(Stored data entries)
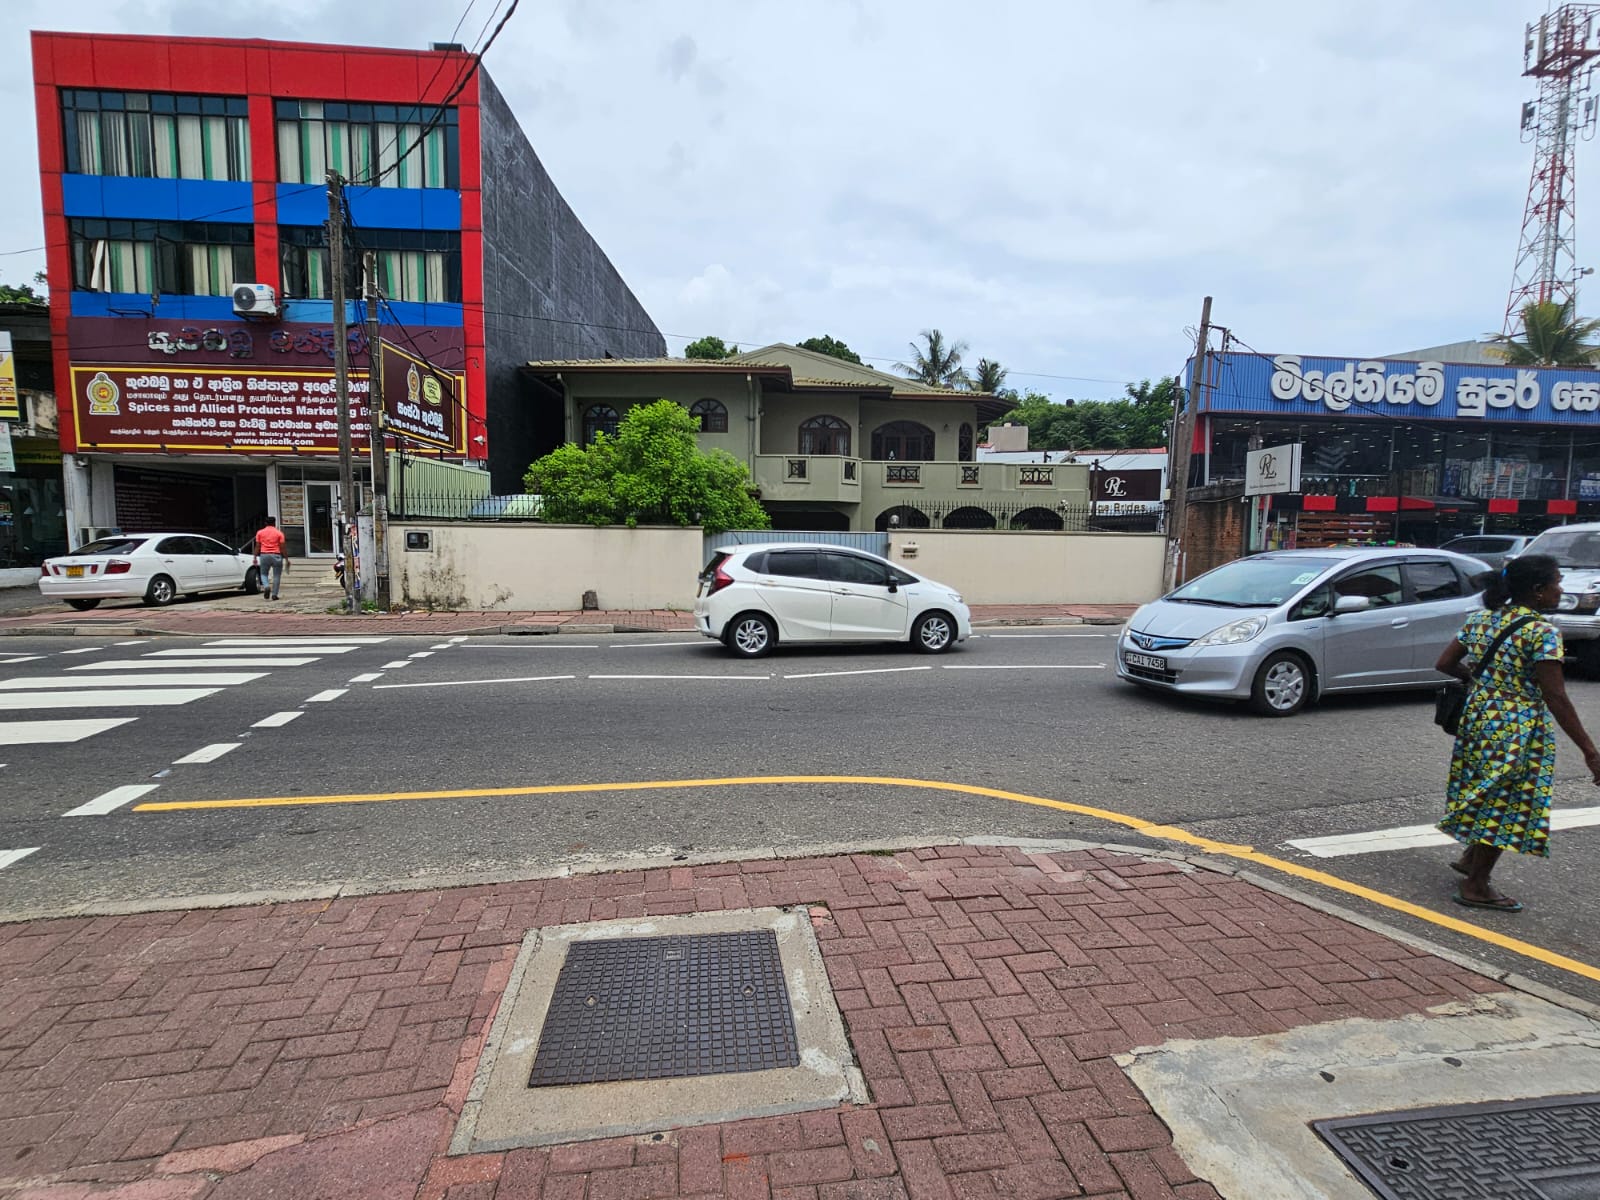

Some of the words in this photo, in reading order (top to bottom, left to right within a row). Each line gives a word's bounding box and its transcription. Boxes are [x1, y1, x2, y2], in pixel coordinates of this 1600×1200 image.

[173, 378, 188, 389] හා
[1271, 354, 1444, 411] මිලේනියම්
[1457, 369, 1540, 417] සුපර්
[128, 402, 170, 414] Spices
[173, 403, 197, 413] and
[200, 403, 235, 413] Allied
[238, 403, 292, 415] Products
[296, 405, 357, 418] Marketg
[234, 438, 314, 446] www.spicelk.com
[1113, 502, 1146, 512] Brides
[1132, 654, 1145, 666] CAI
[1147, 657, 1164, 669] 7458
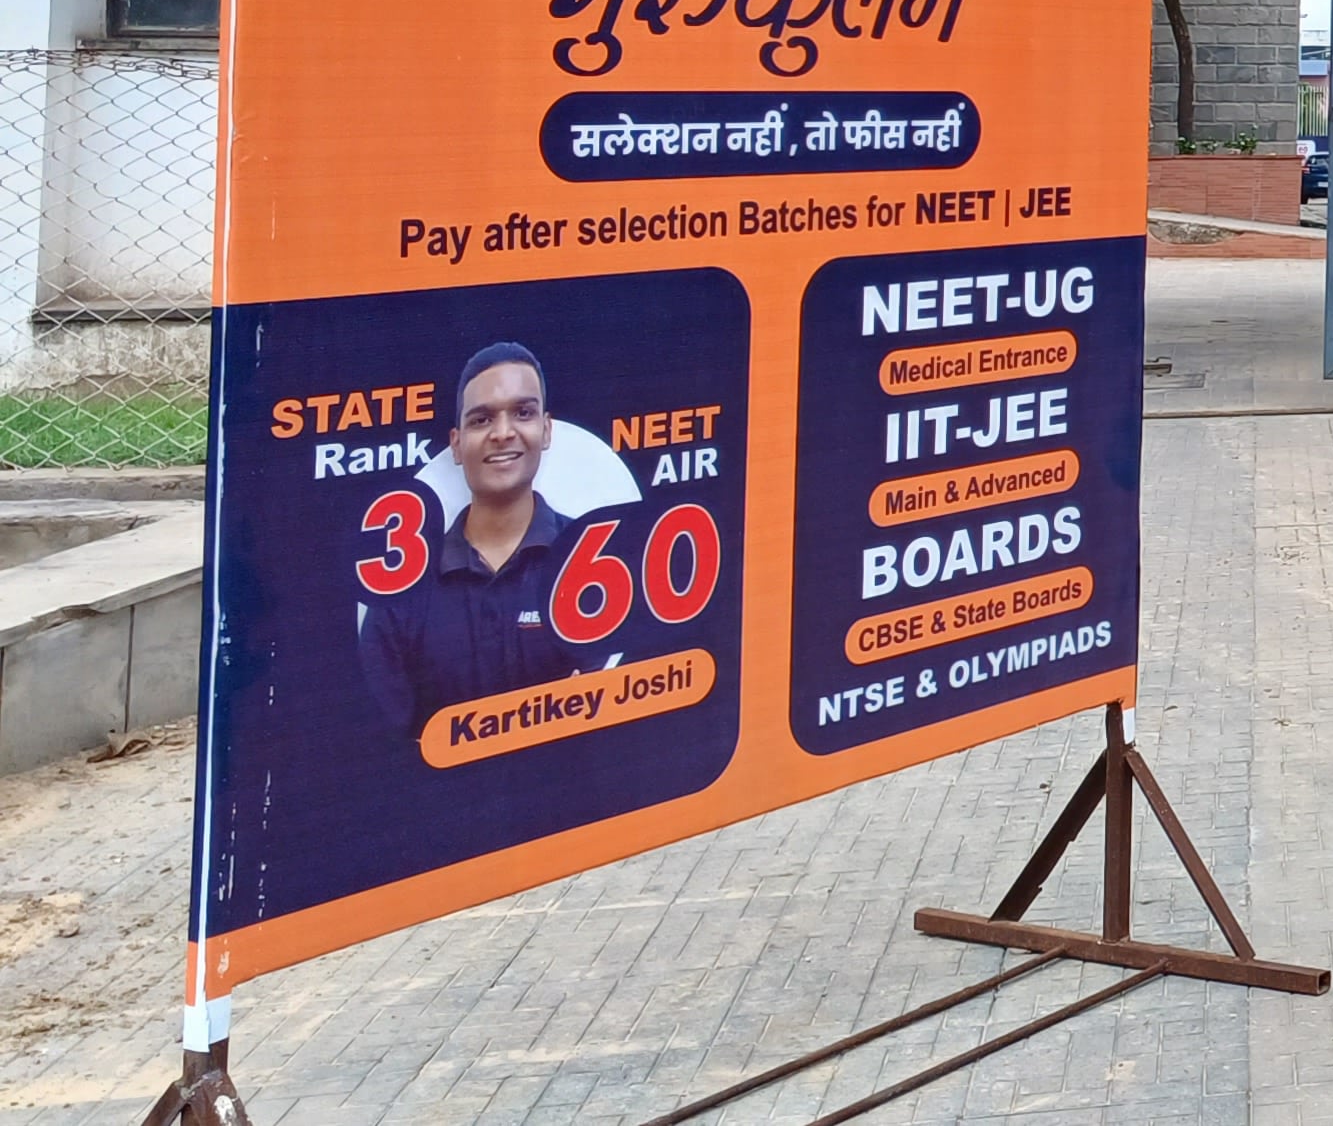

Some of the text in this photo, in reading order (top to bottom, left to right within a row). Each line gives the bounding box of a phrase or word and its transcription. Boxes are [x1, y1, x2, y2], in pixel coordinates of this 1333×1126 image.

### THE TASK
Each entry, start to finish, goes into your copy exactly; the pictures stay out.

### SOLUTION TO THE PROBLEM
Some of the words in this photo, in reading order (top to bottom, left to right within a row). Each line gives a word's bounding box and its transcription. Boxes are [x1, y1, x2, y2], in pixel coordinates of this 1600×1200 image.

[173, 378, 188, 389] හා
[1271, 354, 1444, 411] මිලේනියම්
[1457, 369, 1540, 417] සුපර්
[128, 402, 170, 414] Spices
[173, 403, 197, 413] and
[200, 403, 235, 413] Allied
[238, 403, 292, 415] Products
[296, 405, 357, 418] Marketg
[234, 438, 314, 446] www.spicelk.com
[1113, 502, 1146, 512] Brides
[1132, 654, 1145, 666] CAI
[1147, 657, 1164, 669] 7458

Some of the text in this photo, in reading order (top to bottom, left to right within a row). Each line gives the bounding box of a phrase or word and its transcription. Boxes are [x1, y1, x2, y2], in pixel coordinates of this 1333×1126 image.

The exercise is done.